# Any luck below zero?



## Waterspaniel (Oct 10, 2005)

You guys find you have good luck in single didgit and below zero weather, or do they just hole up and wait it out????? My theory is that they gotta get caloties and they are very prone to come to the dinner bell....


----------



## Brad.T (Mar 29, 2004)

The colder the better i have hunted in 44 below before and had real good luck if i could pick the best temp i've seen it would be 15-20 below.


----------



## Jaybic (Sep 8, 2005)

I agree with brad.

Here in se minnesota the high for tomorrow is supposed to be 4 above and we have 8 inches of fresh powder and it should be a fantastic day for calling. Work cant get over soon enough!

Jaybic


----------



## TheDogSlayer (Feb 2, 2006)

Waterspaniel,

I agree 100% with Brad and Jaybic. My best results calling have been when it's below zero and the colder the better. (Caution: don't stick your tongue on your gun barrel when it's this cold) If it stays below zero for a couple days in a row, they really get hungry.


----------



## VarmintHunter117 (May 28, 2005)

I plan on hitting it hard this weekend.. although i have a slight interuption tomorrow... have to have a meeting in the late morning with the boss then after its done a co-worker and I are heading back out. Hope too hook up with Kevin K and a friend of his as well! should have a nice little hunting party!

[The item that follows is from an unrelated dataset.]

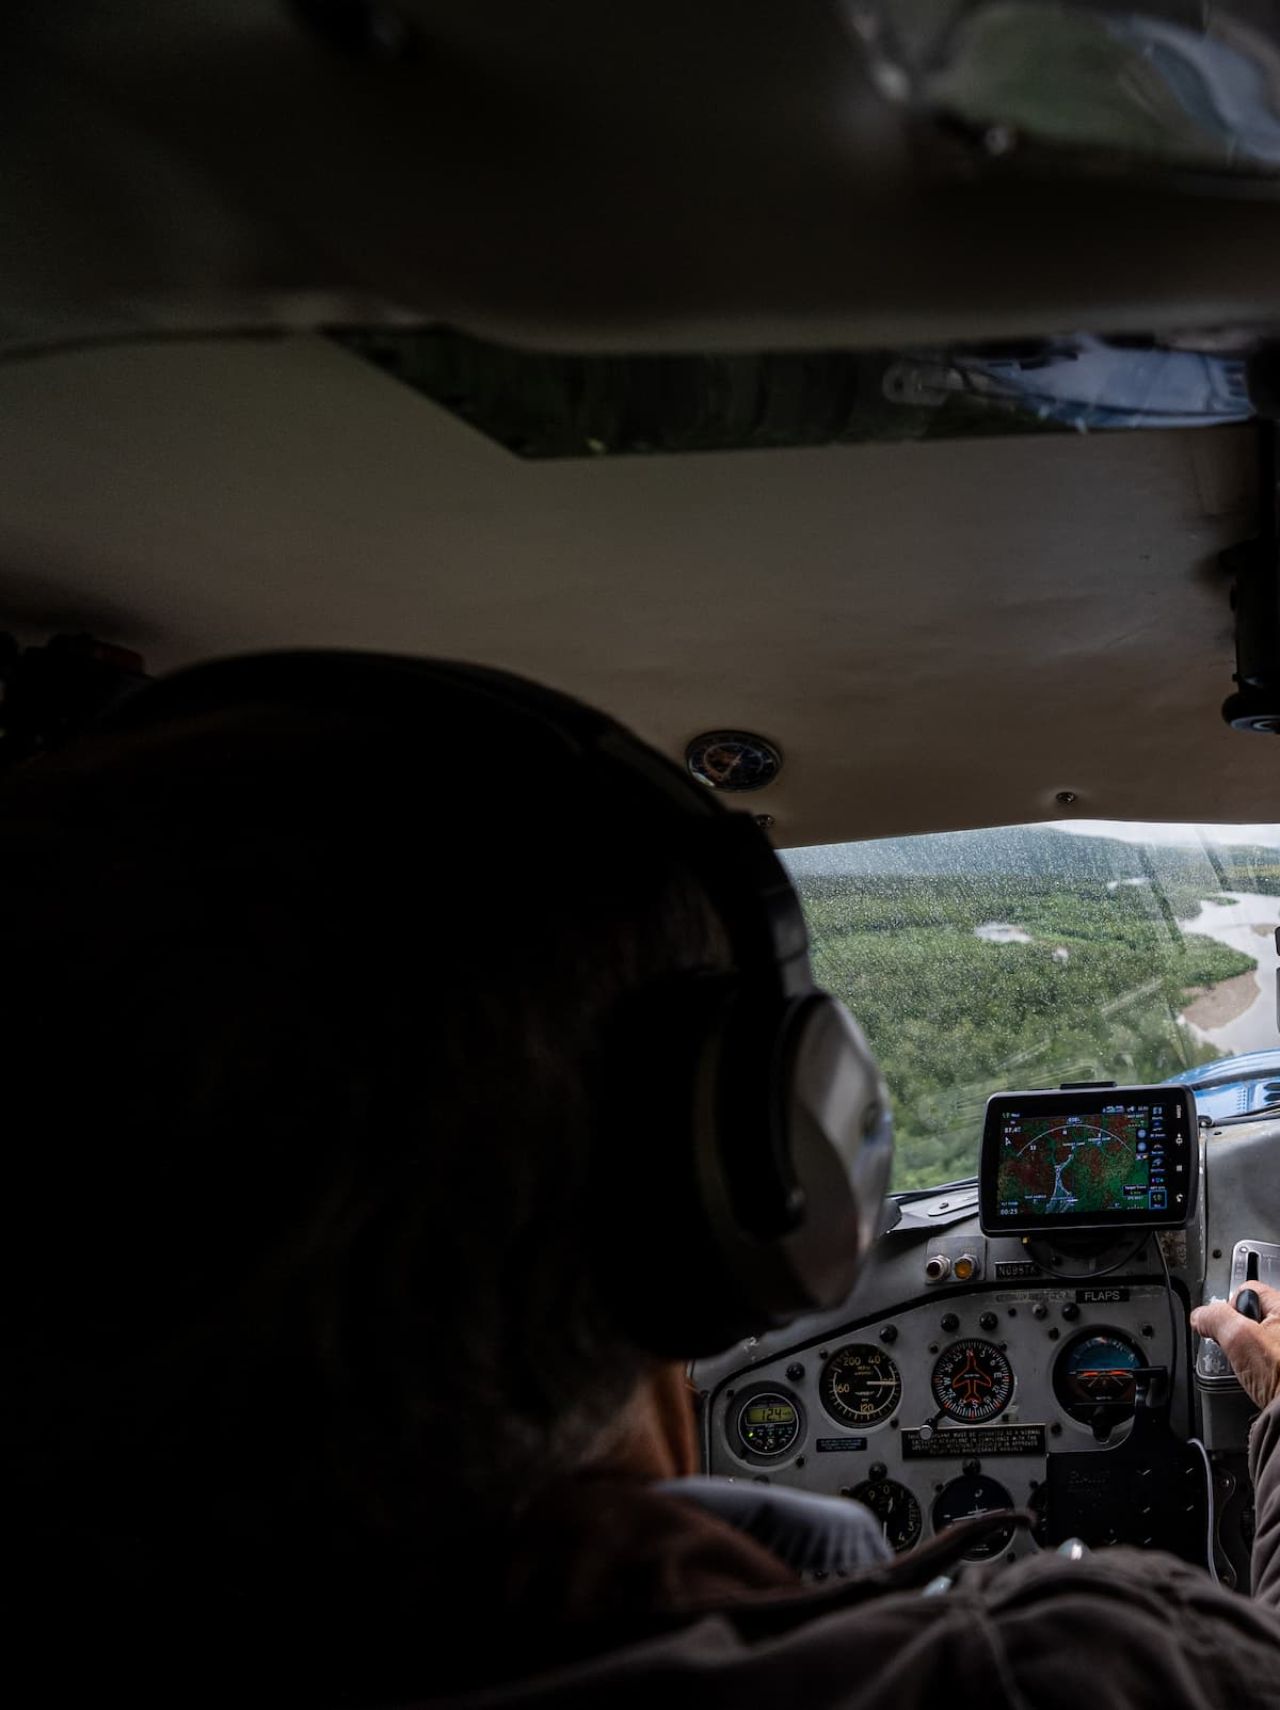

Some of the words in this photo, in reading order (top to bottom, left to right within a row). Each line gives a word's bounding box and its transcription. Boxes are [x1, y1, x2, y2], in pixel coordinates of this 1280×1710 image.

Best of luck to all heading out!


----------



## Fallguy (Jan 23, 2004)

Good luck Varminthunter!

I haven't hunted with 4 people before for coyotes. Remember the more people the more mistakes can be made as far as movement, sound, etc.

I am gone this weekend visiting the inlaws (oh JOY :eyeroll: ) but I am going to go out for a whole day next weekend. Then the track season starts on the 27th so that ends my season most likely. Go get em!


----------



## Waterspaniel (Oct 10, 2005)

My bud, who is quite successful claims he likes those warm days, sunny and nice. He thinks the cold is a waste of time. I cant ague with his results, but logic will tell ya food is important, and hard to find on those COLD days!


----------



## VarmintHunter117 (May 28, 2005)

I have done 4 before... although that was back in NM... we had paired up and 2 of us were on 2 way radio.... the radioes are my buddies back in NM... I have yet to pick up my own set! the radio works rather well... were able to communicate quietly and let each other know when we have a yotie coming in...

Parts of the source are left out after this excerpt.